▸ **What is being asked**: Write out nothing except the lines running from the one containing "this 1600×1200 image." to the last line of the data, exactly as they stand.

Provided records START

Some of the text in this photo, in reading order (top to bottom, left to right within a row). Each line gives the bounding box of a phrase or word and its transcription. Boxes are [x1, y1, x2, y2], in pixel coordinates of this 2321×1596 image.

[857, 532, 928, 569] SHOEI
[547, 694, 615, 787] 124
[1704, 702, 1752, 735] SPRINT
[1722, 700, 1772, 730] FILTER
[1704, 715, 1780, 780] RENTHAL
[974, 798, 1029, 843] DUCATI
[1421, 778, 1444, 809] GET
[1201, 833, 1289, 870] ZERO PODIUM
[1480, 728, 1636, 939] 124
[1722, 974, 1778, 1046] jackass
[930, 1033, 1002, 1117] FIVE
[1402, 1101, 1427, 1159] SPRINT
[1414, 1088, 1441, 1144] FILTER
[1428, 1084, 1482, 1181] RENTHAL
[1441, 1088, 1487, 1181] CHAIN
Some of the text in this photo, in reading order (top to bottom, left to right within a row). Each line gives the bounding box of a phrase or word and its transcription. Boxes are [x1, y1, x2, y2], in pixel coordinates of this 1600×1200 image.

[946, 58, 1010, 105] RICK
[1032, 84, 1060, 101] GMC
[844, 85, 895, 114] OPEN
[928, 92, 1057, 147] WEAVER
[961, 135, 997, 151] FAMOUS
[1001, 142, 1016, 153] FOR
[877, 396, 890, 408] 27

Provided records END

▸ **Task answer**:
Some of the text in this photo, in reading order (top to bottom, left to right within a row). Each line gives the bounding box of a phrase or word and its transcription. Boxes are [x1, y1, x2, y2], in pixel coordinates of this 1600×1200 image.

[946, 58, 1010, 105] RICK
[1032, 84, 1060, 101] GMC
[844, 85, 895, 114] OPEN
[928, 92, 1057, 147] WEAVER
[961, 135, 997, 151] FAMOUS
[1001, 142, 1016, 153] FOR
[877, 396, 890, 408] 27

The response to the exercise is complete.